If something goes into the water in Florida you just leave it. It’s gone forever now. That’s the rule. Because if you do try to retrieve your lost item there’s a 100% chance that whatever pond or marsh or swamp or lake or river it fell into has a murderer’s row — literally — of demon beasts hungry for your blood laying in wait beneath the surface.
A gator, a python, or a monitor lizard are probably lurking, ready for you to reach out for the Superman flatbill or something else on brand for you, the Floridian in question, that was dropped into the water on accident. Then, once your flip-flop or the Female Body Inspector badge you won from a Dave and Busters claw machine is just within reach, BAM, you’re getting pulled under by an apex predator. Even a Florida puddle probably has some skin melting bacteria floating in it. If your possessions touch any untreated water in Florida just abandon them.
This infallible natural law held true for one Florida man, Richard Peel, 35, who was playing disc golf at Cliff Stephens Park in Clearwater, Florida when he was attacked while trying to retrieve his disc from a pond, according to the Clearwater Fire Department.

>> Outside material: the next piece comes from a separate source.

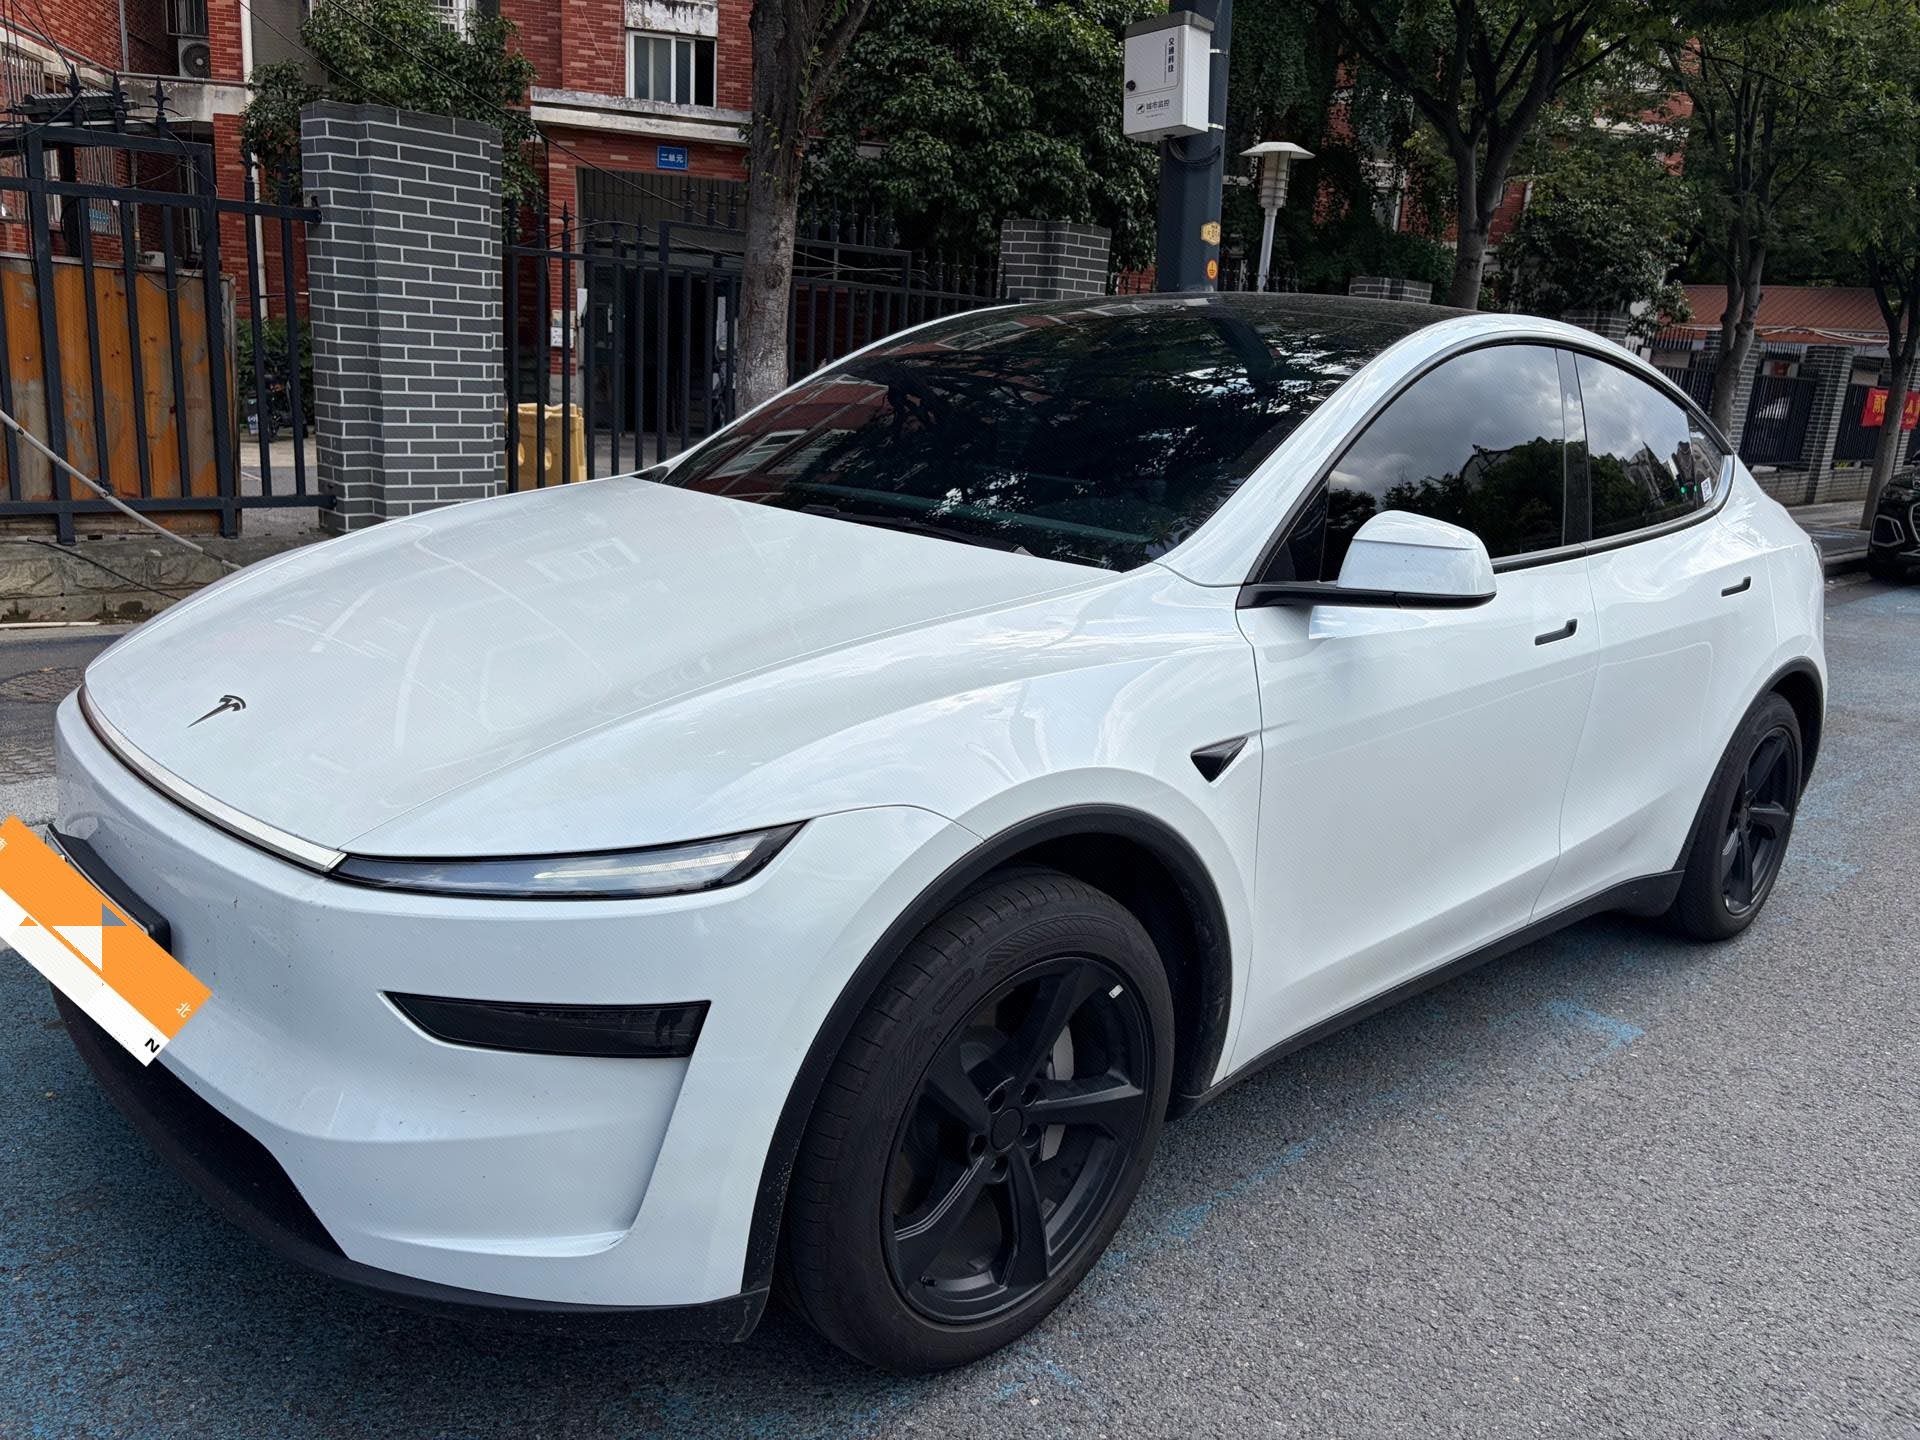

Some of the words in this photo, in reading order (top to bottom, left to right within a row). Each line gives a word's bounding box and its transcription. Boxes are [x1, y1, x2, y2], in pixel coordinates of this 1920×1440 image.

[1146, 99, 1170, 110] 城市监控
[660, 153, 684, 163] 二单元
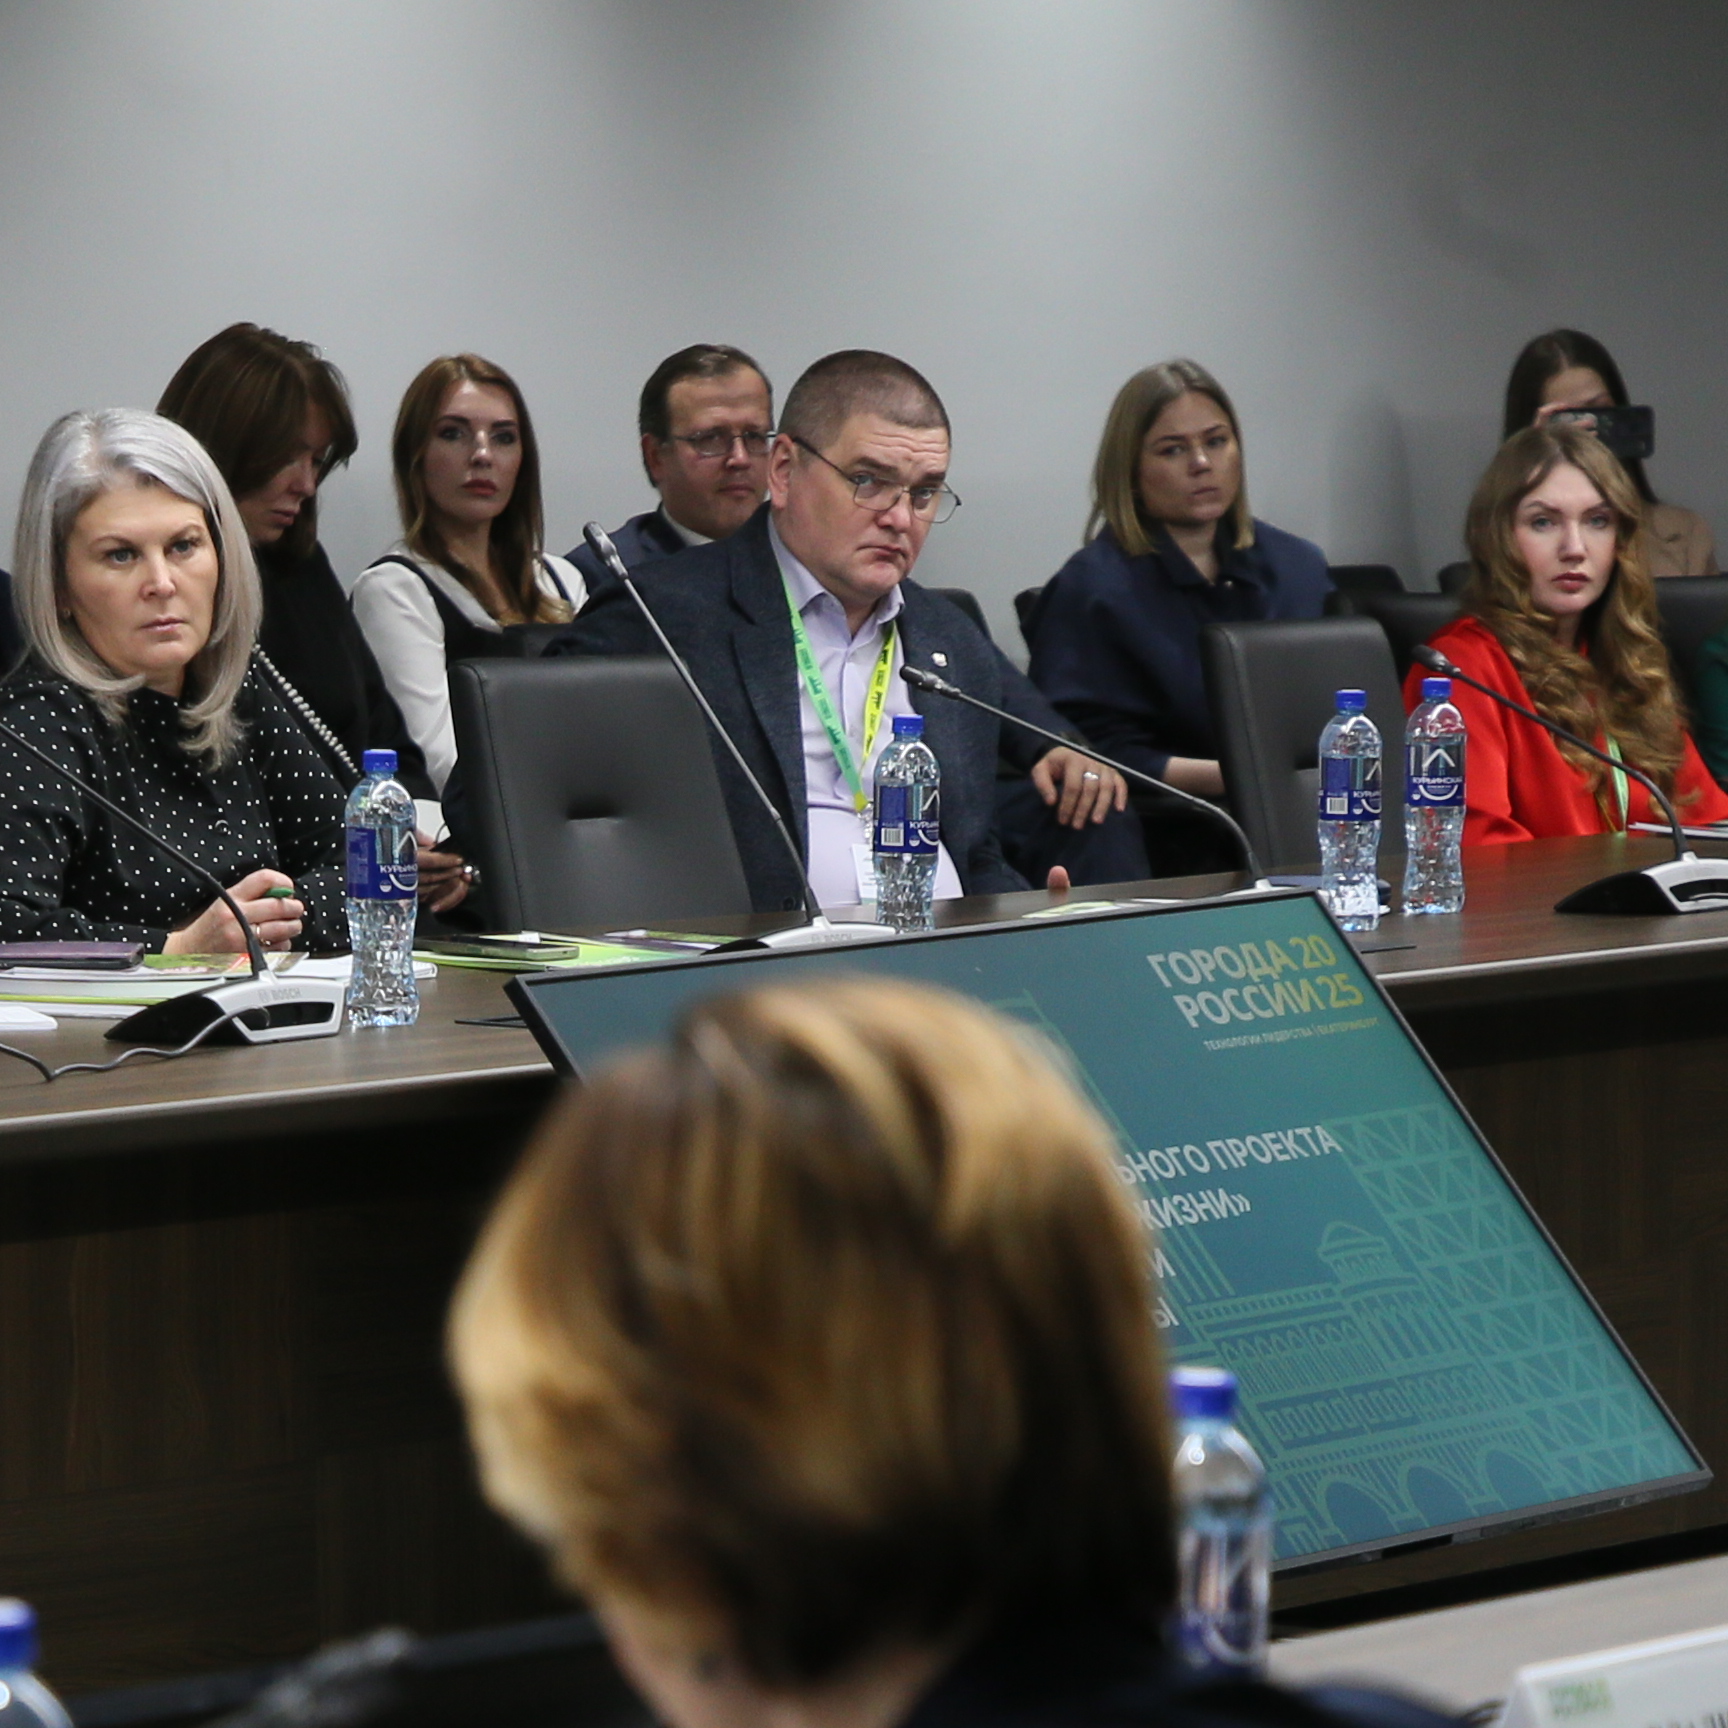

The gator started to pull Peel in, but witnesses to the attack locked arms and rescued Peel from his Darwinian fate. According to the Florida Wildlife Commission, the gator was actually seen in the pond prior to Peel going in there.
Peel weighed the possibility of being mauled by a giant alligator against losing a disc from his disc golf set and proceeded to go into the water to get the disc. This is the Florida version of a Midwesterner continuing to barbecue during a tornado warning.
A second smaller alligator was also removed from the pond after it was deemed inevitable that people were going to keep wading into the pond to retrieve their eight dollars worth of plastic.